That’s one problem I foresee with the Dell storefront approach.

The other is, well, at the risk of impersonating a broken record, I am convinced Dell is still in denial about the real issue: The Round Rock, Texas, company needs the channel.

Instead of investing in the area most likely to produce the results Dell needs—sales growth—the vendor is trying to be Apple. The problem is Apple is cool and Dell isn’t. In fact, there hasn’t been anything “cool” about the vendor since “Steven, the Dell dude” vanished from our TV screens a few years ago.

Apple is image; it’s attitude. Using a MacBook at your neighborhood café says something about your nonconformist view of the world. But if you pull a Dell out of your bag, the only message you’re sending is that you presumably got a decent deal when you bought it.

And if Dell has anything to say about it, you’re going to continue getting a decent deal. The company is dropping its prices, raising concerns that it is about to spark a price war should competitors like Hewlett-Packard and Lenovo decide to return fire.

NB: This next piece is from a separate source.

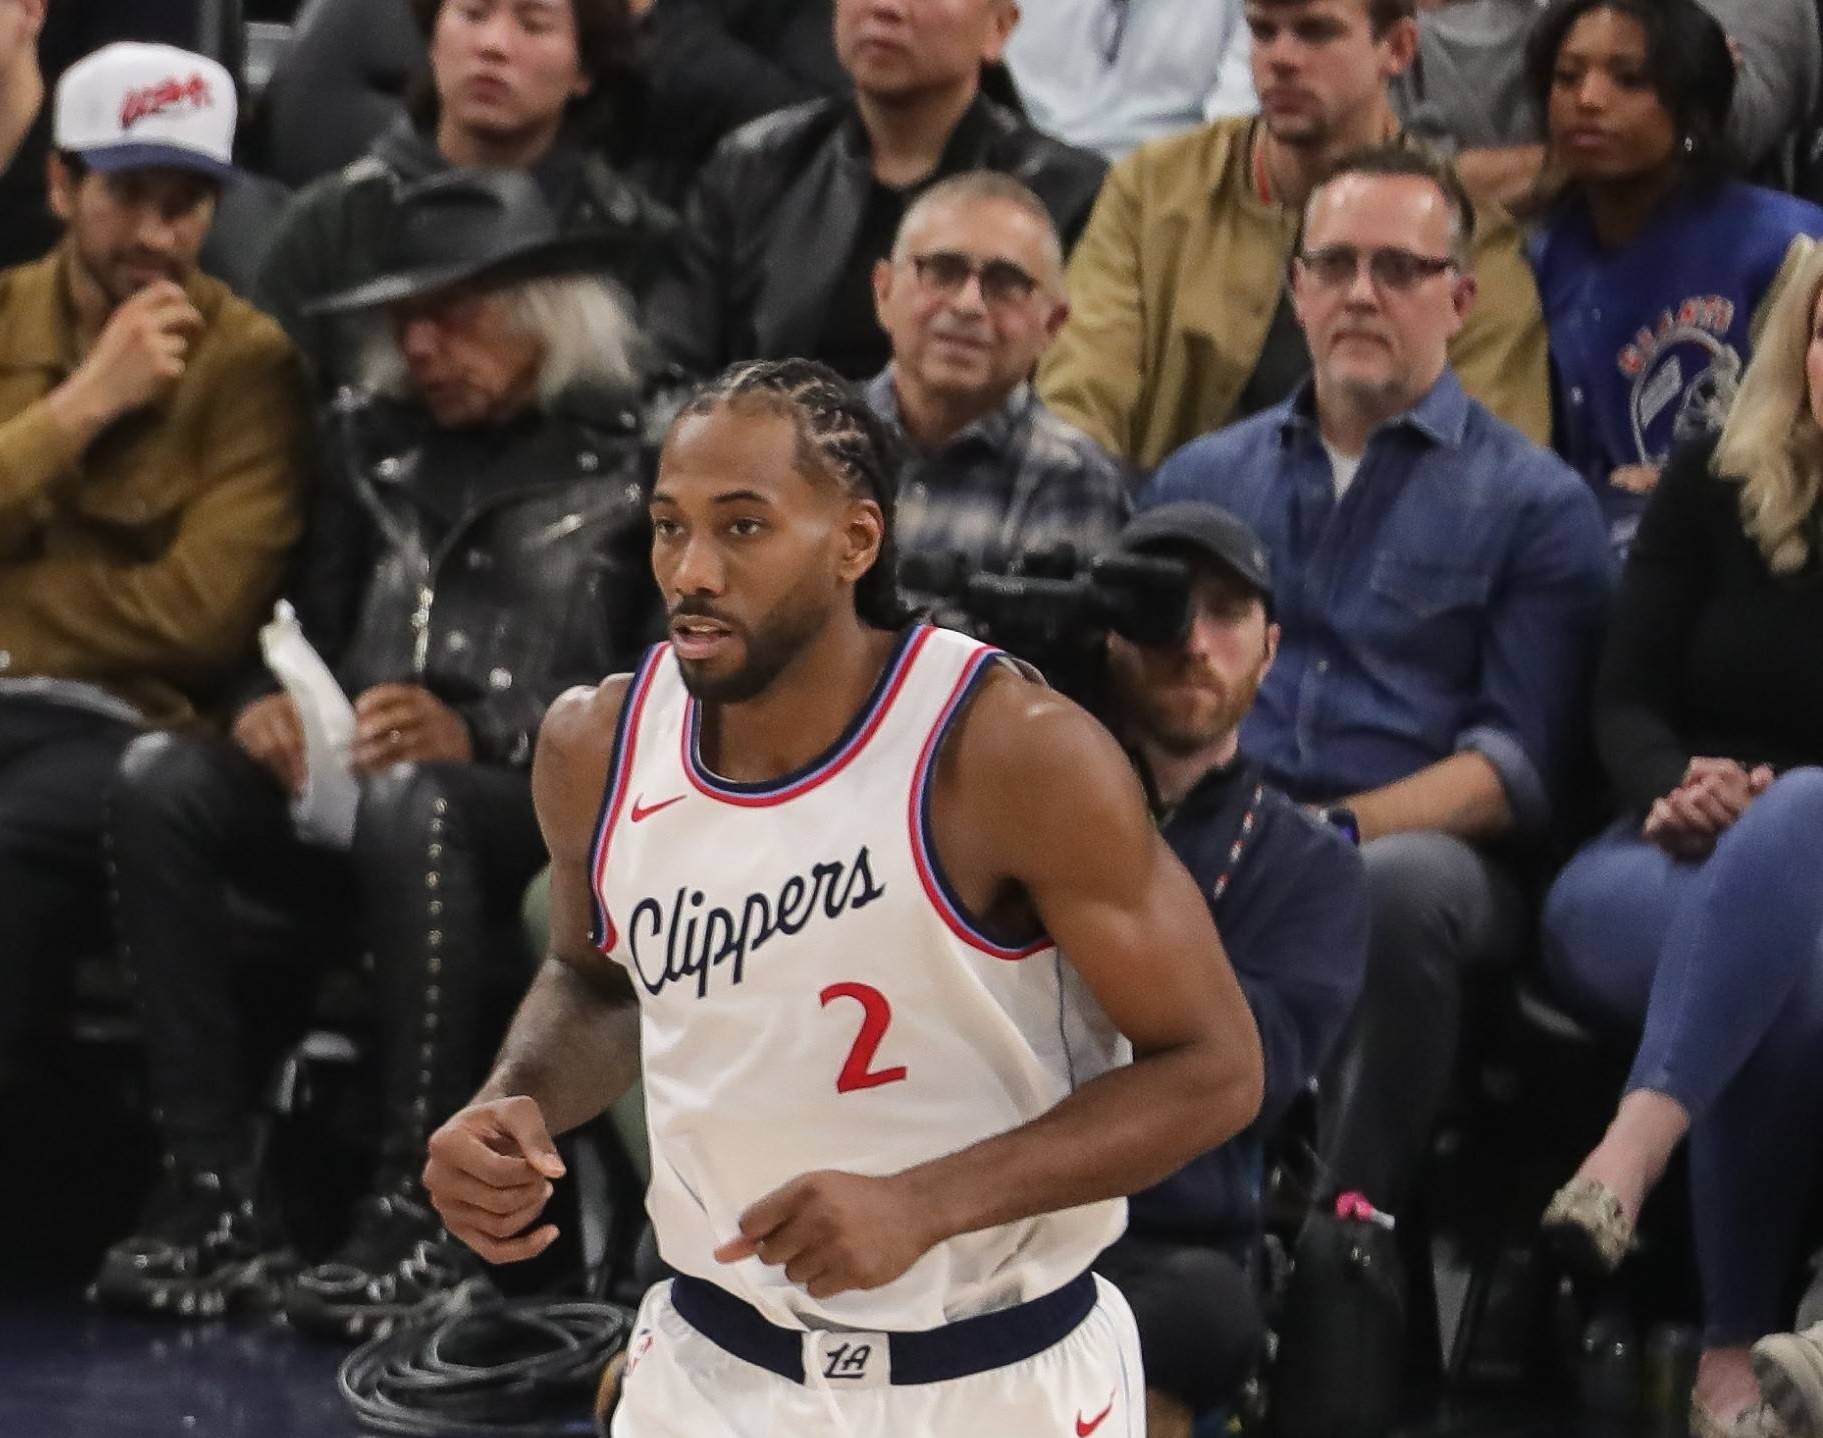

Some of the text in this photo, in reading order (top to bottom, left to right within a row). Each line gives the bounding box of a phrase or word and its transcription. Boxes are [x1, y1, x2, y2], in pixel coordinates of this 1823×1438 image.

[629, 845, 887, 998] Clippers
[820, 981, 907, 1093] 2
[823, 1342, 871, 1379] LA

In a price war, all belligerents lose because margins get shot. Dell CEO Kevin Rollins appears unconcerned about that because the company has “kept margins too high.”

Dell also plans to improve its customer support and the quality of its products. I’m sure plenty of customers feel this is long overdue, but it’s hard to envision exactly how the vendor will achieve all this while taking steps to reduce margin.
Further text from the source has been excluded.